→ Description of the task: An exact restatement of every record is required.

→ Records to process:
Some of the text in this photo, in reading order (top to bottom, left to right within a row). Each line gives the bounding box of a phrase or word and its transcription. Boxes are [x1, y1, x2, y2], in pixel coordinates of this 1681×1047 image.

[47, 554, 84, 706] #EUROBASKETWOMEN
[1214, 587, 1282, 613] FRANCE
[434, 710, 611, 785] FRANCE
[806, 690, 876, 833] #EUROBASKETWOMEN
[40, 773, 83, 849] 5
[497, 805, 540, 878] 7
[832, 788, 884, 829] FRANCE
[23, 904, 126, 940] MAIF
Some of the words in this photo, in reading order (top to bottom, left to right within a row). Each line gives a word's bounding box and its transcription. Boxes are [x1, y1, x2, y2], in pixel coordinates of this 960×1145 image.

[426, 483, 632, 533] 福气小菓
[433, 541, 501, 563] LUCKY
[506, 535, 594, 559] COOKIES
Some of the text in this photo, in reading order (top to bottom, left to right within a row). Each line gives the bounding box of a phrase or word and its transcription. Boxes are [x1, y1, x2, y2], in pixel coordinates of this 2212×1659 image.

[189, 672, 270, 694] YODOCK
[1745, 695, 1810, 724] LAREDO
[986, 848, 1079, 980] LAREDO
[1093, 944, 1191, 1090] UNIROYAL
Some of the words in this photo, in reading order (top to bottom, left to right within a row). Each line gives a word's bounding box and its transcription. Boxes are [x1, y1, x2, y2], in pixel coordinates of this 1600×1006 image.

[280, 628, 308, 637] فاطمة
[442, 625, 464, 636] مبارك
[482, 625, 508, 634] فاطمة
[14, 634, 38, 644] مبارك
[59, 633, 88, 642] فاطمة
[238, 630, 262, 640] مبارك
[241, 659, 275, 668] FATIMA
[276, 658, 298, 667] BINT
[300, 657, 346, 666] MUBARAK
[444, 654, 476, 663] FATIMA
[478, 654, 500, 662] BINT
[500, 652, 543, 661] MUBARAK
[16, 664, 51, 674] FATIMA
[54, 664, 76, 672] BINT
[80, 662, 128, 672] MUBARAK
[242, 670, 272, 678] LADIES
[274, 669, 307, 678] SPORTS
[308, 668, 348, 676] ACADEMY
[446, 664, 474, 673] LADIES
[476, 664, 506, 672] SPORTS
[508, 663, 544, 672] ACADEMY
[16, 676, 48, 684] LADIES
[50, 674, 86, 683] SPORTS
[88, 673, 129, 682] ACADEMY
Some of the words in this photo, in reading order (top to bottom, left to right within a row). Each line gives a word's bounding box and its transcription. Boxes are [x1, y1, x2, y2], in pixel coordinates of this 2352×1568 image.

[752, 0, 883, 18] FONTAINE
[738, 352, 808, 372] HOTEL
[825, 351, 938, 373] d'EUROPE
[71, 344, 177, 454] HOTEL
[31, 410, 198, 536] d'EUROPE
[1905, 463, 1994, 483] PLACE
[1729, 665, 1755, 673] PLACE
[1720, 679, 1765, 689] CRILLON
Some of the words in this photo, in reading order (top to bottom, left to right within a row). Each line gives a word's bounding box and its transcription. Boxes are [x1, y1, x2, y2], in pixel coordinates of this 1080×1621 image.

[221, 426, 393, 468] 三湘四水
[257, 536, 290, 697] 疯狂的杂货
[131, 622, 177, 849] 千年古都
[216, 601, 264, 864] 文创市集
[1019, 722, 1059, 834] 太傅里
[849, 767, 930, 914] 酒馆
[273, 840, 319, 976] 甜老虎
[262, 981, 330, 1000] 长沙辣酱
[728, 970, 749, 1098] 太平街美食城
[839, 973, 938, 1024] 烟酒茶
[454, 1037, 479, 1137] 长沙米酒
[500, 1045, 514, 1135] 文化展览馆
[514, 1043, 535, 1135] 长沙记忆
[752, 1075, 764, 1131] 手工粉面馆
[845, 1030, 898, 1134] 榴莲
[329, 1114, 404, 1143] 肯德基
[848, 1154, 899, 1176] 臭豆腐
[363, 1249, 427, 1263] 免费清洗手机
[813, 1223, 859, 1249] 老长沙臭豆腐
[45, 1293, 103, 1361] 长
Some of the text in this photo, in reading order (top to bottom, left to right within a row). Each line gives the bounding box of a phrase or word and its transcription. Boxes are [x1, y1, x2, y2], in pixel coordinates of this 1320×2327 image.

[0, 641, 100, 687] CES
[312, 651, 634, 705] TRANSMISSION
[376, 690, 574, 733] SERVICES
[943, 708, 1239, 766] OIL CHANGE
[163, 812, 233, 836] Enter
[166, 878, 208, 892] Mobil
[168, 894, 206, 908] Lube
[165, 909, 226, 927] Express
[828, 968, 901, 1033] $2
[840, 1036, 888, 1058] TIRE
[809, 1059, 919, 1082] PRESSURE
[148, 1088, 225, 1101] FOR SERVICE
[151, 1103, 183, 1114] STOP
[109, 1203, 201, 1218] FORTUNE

→ Result of this exercise:
Some of the text in this photo, in reading order (top to bottom, left to right within a row). Each line gives the bounding box of a phrase or word and its transcription. Boxes are [x1, y1, x2, y2], in pixel coordinates of this 1681×1047 image.

[47, 554, 84, 706] #EUROBASKETWOMEN
[1214, 587, 1282, 613] FRANCE
[434, 710, 611, 785] FRANCE
[806, 690, 876, 833] #EUROBASKETWOMEN
[40, 773, 83, 849] 5
[497, 805, 540, 878] 7
[832, 788, 884, 829] FRANCE
[23, 904, 126, 940] MAIF
Some of the words in this photo, in reading order (top to bottom, left to right within a row). Each line gives a word's bounding box and its transcription. Boxes are [x1, y1, x2, y2], in pixel coordinates of this 960×1145 image.

[426, 483, 632, 533] 福气小菓
[433, 541, 501, 563] LUCKY
[506, 535, 594, 559] COOKIES
Some of the text in this photo, in reading order (top to bottom, left to right within a row). Each line gives the bounding box of a phrase or word and its transcription. Boxes are [x1, y1, x2, y2], in pixel coordinates of this 2212×1659 image.

[189, 672, 270, 694] YODOCK
[1745, 695, 1810, 724] LAREDO
[986, 848, 1079, 980] LAREDO
[1093, 944, 1191, 1090] UNIROYAL
Some of the words in this photo, in reading order (top to bottom, left to right within a row). Each line gives a word's bounding box and its transcription. Boxes are [x1, y1, x2, y2], in pixel coordinates of this 1600×1006 image.

[280, 628, 308, 637] فاطمة
[442, 625, 464, 636] مبارك
[482, 625, 508, 634] فاطمة
[14, 634, 38, 644] مبارك
[59, 633, 88, 642] فاطمة
[238, 630, 262, 640] مبارك
[241, 659, 275, 668] FATIMA
[276, 658, 298, 667] BINT
[300, 657, 346, 666] MUBARAK
[444, 654, 476, 663] FATIMA
[478, 654, 500, 662] BINT
[500, 652, 543, 661] MUBARAK
[16, 664, 51, 674] FATIMA
[54, 664, 76, 672] BINT
[80, 662, 128, 672] MUBARAK
[242, 670, 272, 678] LADIES
[274, 669, 307, 678] SPORTS
[308, 668, 348, 676] ACADEMY
[446, 664, 474, 673] LADIES
[476, 664, 506, 672] SPORTS
[508, 663, 544, 672] ACADEMY
[16, 676, 48, 684] LADIES
[50, 674, 86, 683] SPORTS
[88, 673, 129, 682] ACADEMY
Some of the words in this photo, in reading order (top to bottom, left to right within a row). Each line gives a word's bounding box and its transcription. Boxes are [x1, y1, x2, y2], in pixel coordinates of this 2352×1568 image.

[752, 0, 883, 18] FONTAINE
[738, 352, 808, 372] HOTEL
[825, 351, 938, 373] d'EUROPE
[71, 344, 177, 454] HOTEL
[31, 410, 198, 536] d'EUROPE
[1905, 463, 1994, 483] PLACE
[1729, 665, 1755, 673] PLACE
[1720, 679, 1765, 689] CRILLON
Some of the words in this photo, in reading order (top to bottom, left to right within a row). Each line gives a word's bounding box and its transcription. Boxes are [x1, y1, x2, y2], in pixel coordinates of this 1080×1621 image.

[221, 426, 393, 468] 三湘四水
[257, 536, 290, 697] 疯狂的杂货
[131, 622, 177, 849] 千年古都
[216, 601, 264, 864] 文创市集
[1019, 722, 1059, 834] 太傅里
[849, 767, 930, 914] 酒馆
[273, 840, 319, 976] 甜老虎
[262, 981, 330, 1000] 长沙辣酱
[728, 970, 749, 1098] 太平街美食城
[839, 973, 938, 1024] 烟酒茶
[454, 1037, 479, 1137] 长沙米酒
[500, 1045, 514, 1135] 文化展览馆
[514, 1043, 535, 1135] 长沙记忆
[752, 1075, 764, 1131] 手工粉面馆
[845, 1030, 898, 1134] 榴莲
[329, 1114, 404, 1143] 肯德基
[848, 1154, 899, 1176] 臭豆腐
[363, 1249, 427, 1263] 免费清洗手机
[813, 1223, 859, 1249] 老长沙臭豆腐
[45, 1293, 103, 1361] 长
Some of the text in this photo, in reading order (top to bottom, left to right within a row). Each line gives the bounding box of a phrase or word and its transcription. Boxes are [x1, y1, x2, y2], in pixel coordinates of this 1320×2327 image.

[0, 641, 100, 687] CES
[312, 651, 634, 705] TRANSMISSION
[376, 690, 574, 733] SERVICES
[943, 708, 1239, 766] OIL CHANGE
[163, 812, 233, 836] Enter
[166, 878, 208, 892] Mobil
[168, 894, 206, 908] Lube
[165, 909, 226, 927] Express
[828, 968, 901, 1033] $2
[840, 1036, 888, 1058] TIRE
[809, 1059, 919, 1082] PRESSURE
[148, 1088, 225, 1101] FOR SERVICE
[151, 1103, 183, 1114] STOP
[109, 1203, 201, 1218] FORTUNE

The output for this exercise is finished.